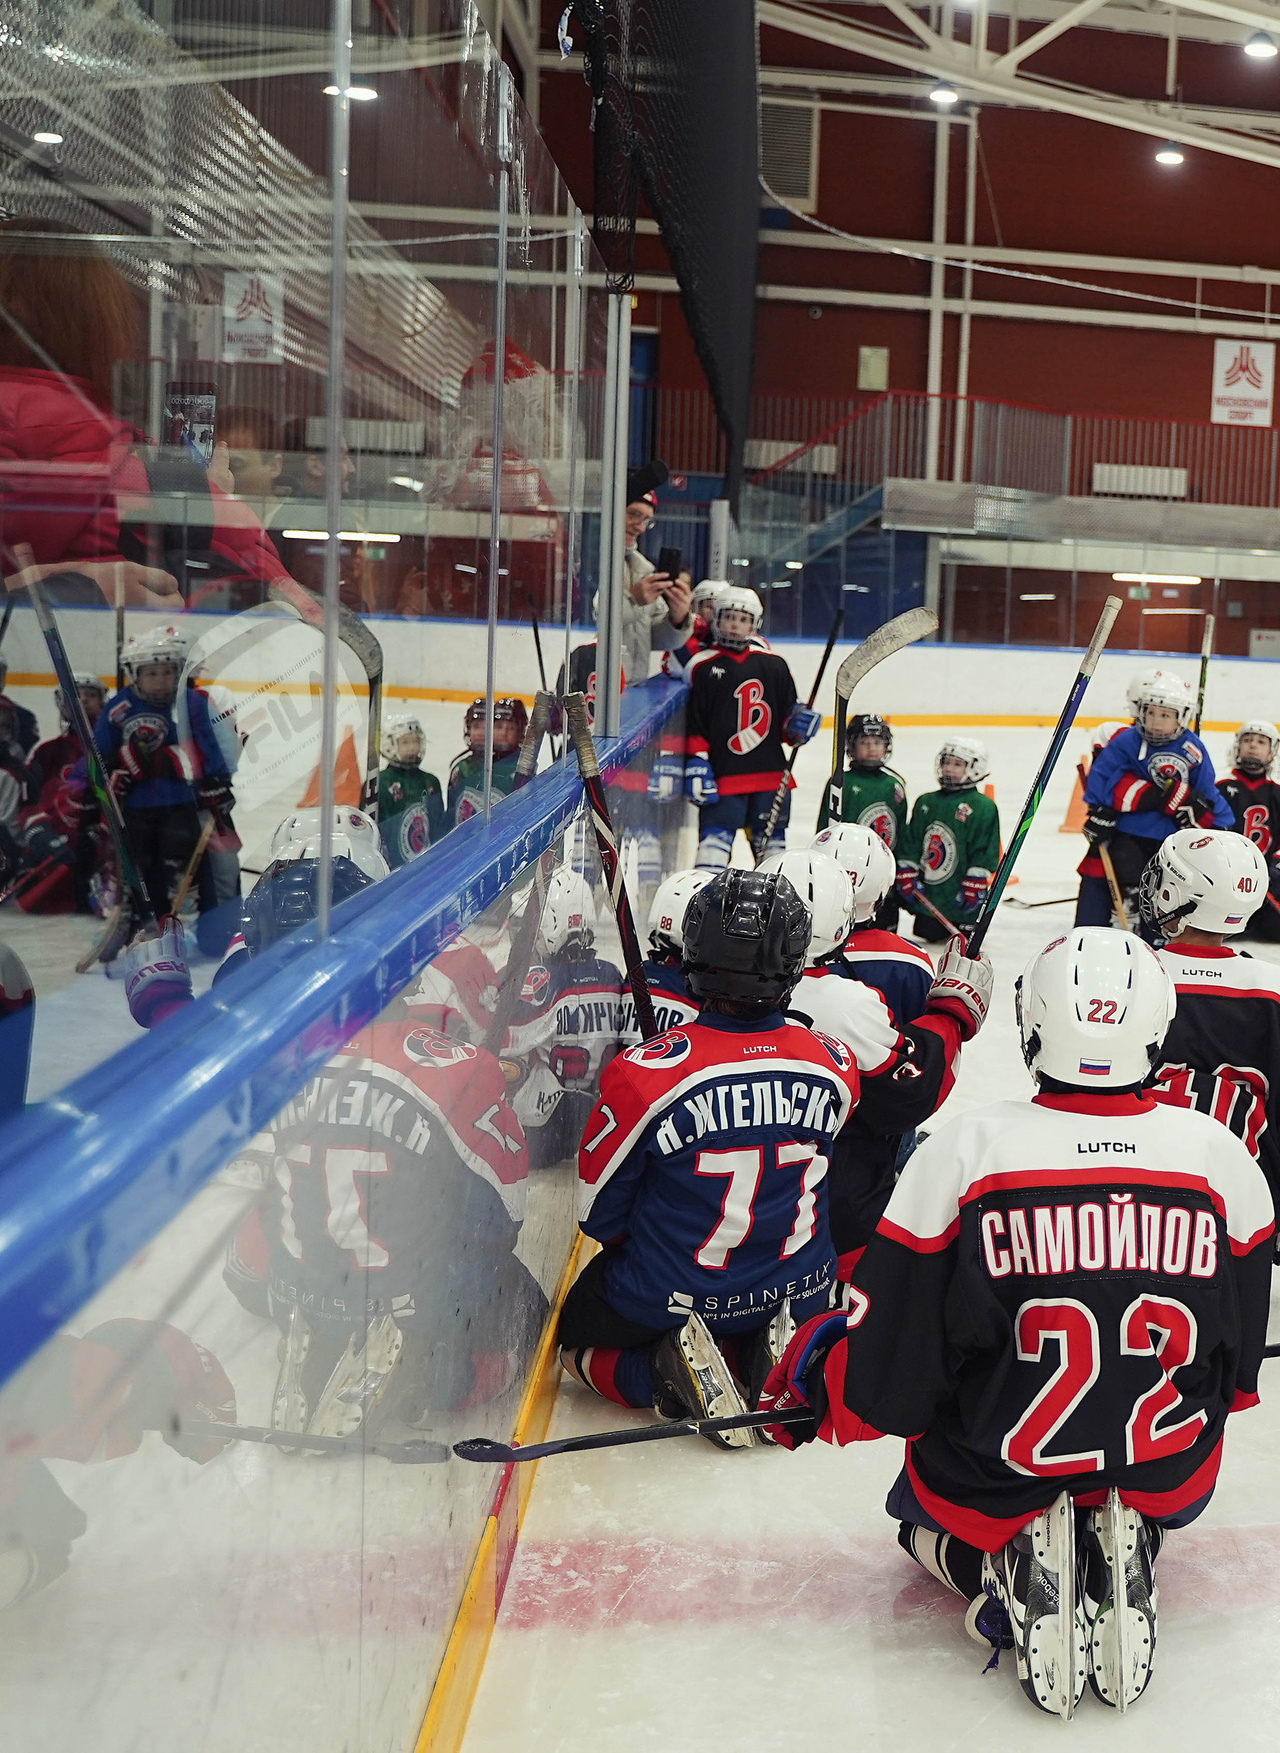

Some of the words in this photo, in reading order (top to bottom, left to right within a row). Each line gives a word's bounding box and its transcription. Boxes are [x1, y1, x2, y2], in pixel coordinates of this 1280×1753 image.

[1169, 866, 1187, 882] BAUER
[1237, 877, 1252, 894] 40
[660, 915, 673, 931] 88
[1182, 968, 1222, 978] LUTCH
[1087, 998, 1118, 1025] 22
[743, 1045, 777, 1054] LUTCH
[1078, 1142, 1136, 1154] LUTCH
[693, 1139, 830, 1270] 77
[981, 1193, 1218, 1279] САМОЙЛОВ
[704, 1259, 832, 1310] SPINETIX
[720, 1311, 731, 1319] IN
[733, 1306, 766, 1318] DIGITAL
[1001, 1293, 1208, 1477] 22
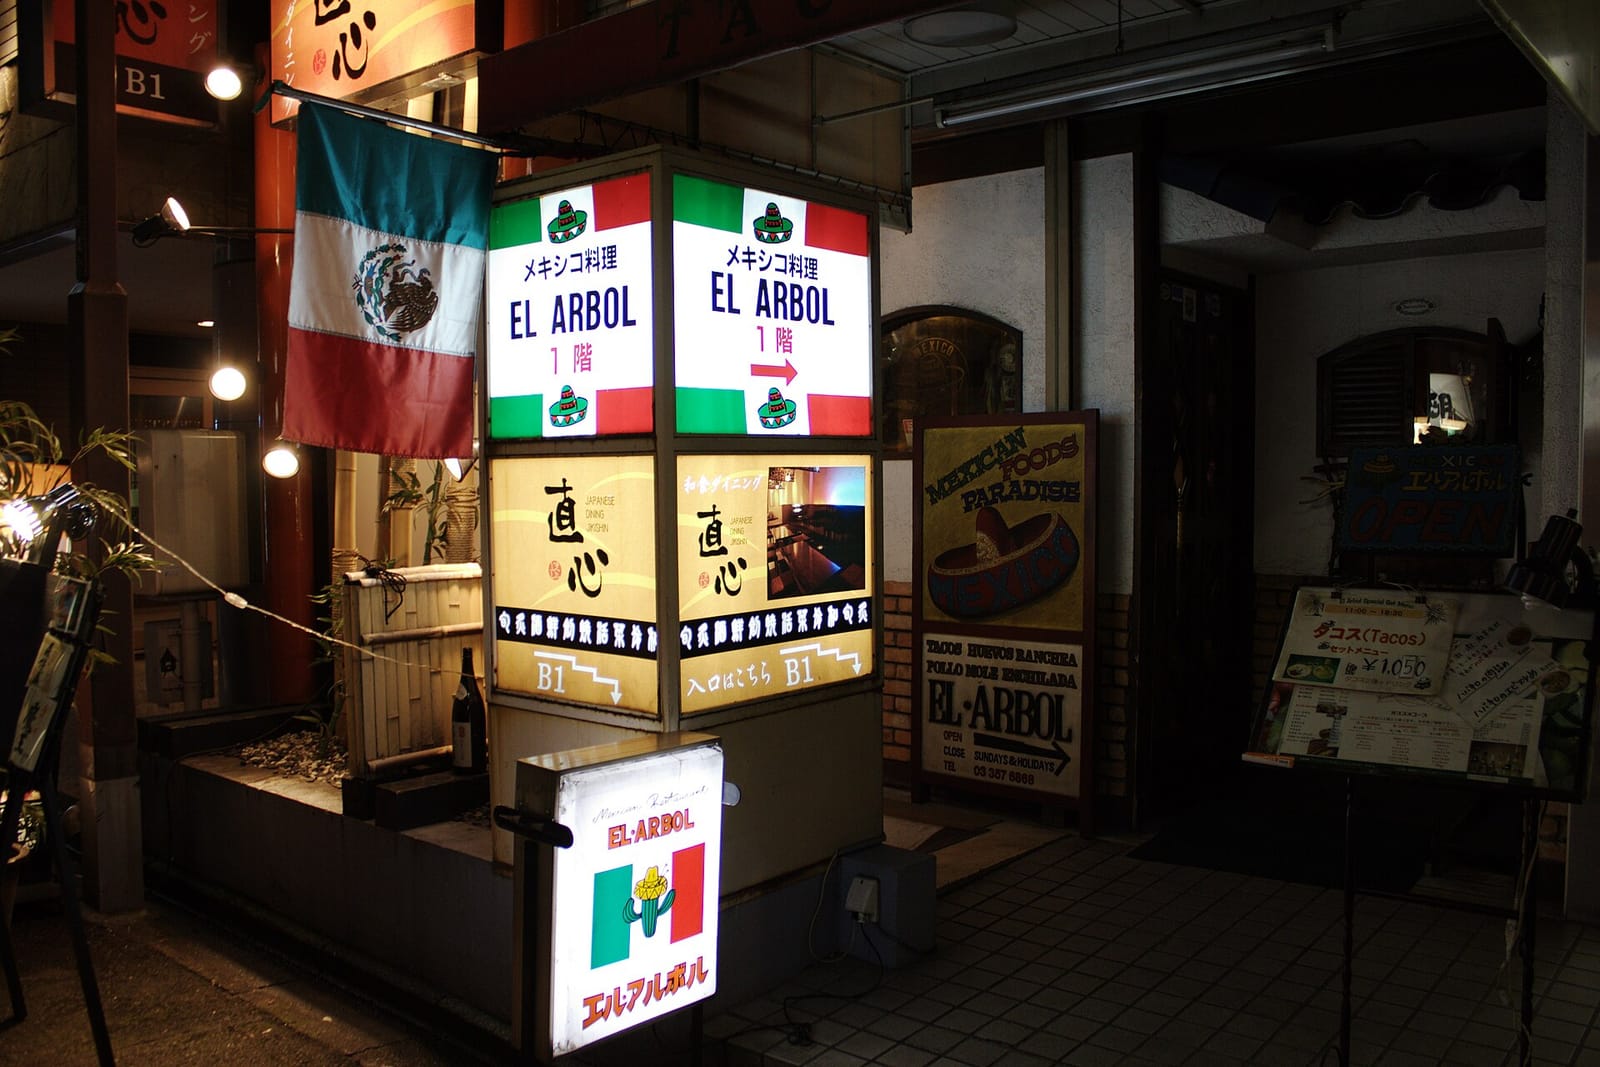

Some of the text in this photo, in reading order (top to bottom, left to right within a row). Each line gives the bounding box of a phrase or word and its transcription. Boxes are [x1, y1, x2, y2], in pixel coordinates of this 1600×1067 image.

[124, 66, 166, 100] B1
[524, 244, 618, 282] メキシコ料理
[727, 244, 818, 281] メキシコ料理
[510, 285, 637, 340] EL ARBOL
[711, 270, 835, 326] EL ARBOL
[925, 426, 1028, 505] MEXICAN
[999, 432, 1080, 481] FOODS
[683, 474, 763, 495] 和食ダイニング
[961, 479, 1081, 513] PARADISE
[1349, 495, 1506, 544] OPEN
[931, 526, 1078, 614] MEXICO
[926, 639, 963, 656] TACOS
[967, 643, 1014, 661] HUEVOS
[1329, 644, 1389, 656] セットメニュー
[537, 662, 566, 694] B1
[687, 655, 815, 697] 入口はこちら B1
[926, 660, 1078, 690] POLLO MOLE ENCHILADA
[943, 730, 963, 743] OPEN
[943, 745, 966, 759] CLOSE
[943, 760, 957, 772] TEL
- - - - - - -
Reproduce the final stretch of the data above: every line from the one holding "Some of the text" through the end, inclusive, exactly as written and nothing else.

#### [Your solution]
Some of the text in this photo, in reading order (top to bottom, left to right within a row). Each line gives the bounding box of a phrase or word and its transcription. Boxes are [x1, y1, x2, y2], in pixel coordinates of this 1600×1067 image.

[124, 66, 166, 100] B1
[524, 244, 618, 282] メキシコ料理
[727, 244, 818, 281] メキシコ料理
[510, 285, 637, 340] EL ARBOL
[711, 270, 835, 326] EL ARBOL
[925, 426, 1028, 505] MEXICAN
[999, 432, 1080, 481] FOODS
[683, 474, 763, 495] 和食ダイニング
[961, 479, 1081, 513] PARADISE
[1349, 495, 1506, 544] OPEN
[931, 526, 1078, 614] MEXICO
[926, 639, 963, 656] TACOS
[967, 643, 1014, 661] HUEVOS
[1329, 644, 1389, 656] セットメニュー
[537, 662, 566, 694] B1
[687, 655, 815, 697] 入口はこちら B1
[926, 660, 1078, 690] POLLO MOLE ENCHILADA
[943, 730, 963, 743] OPEN
[943, 745, 966, 759] CLOSE
[943, 760, 957, 772] TEL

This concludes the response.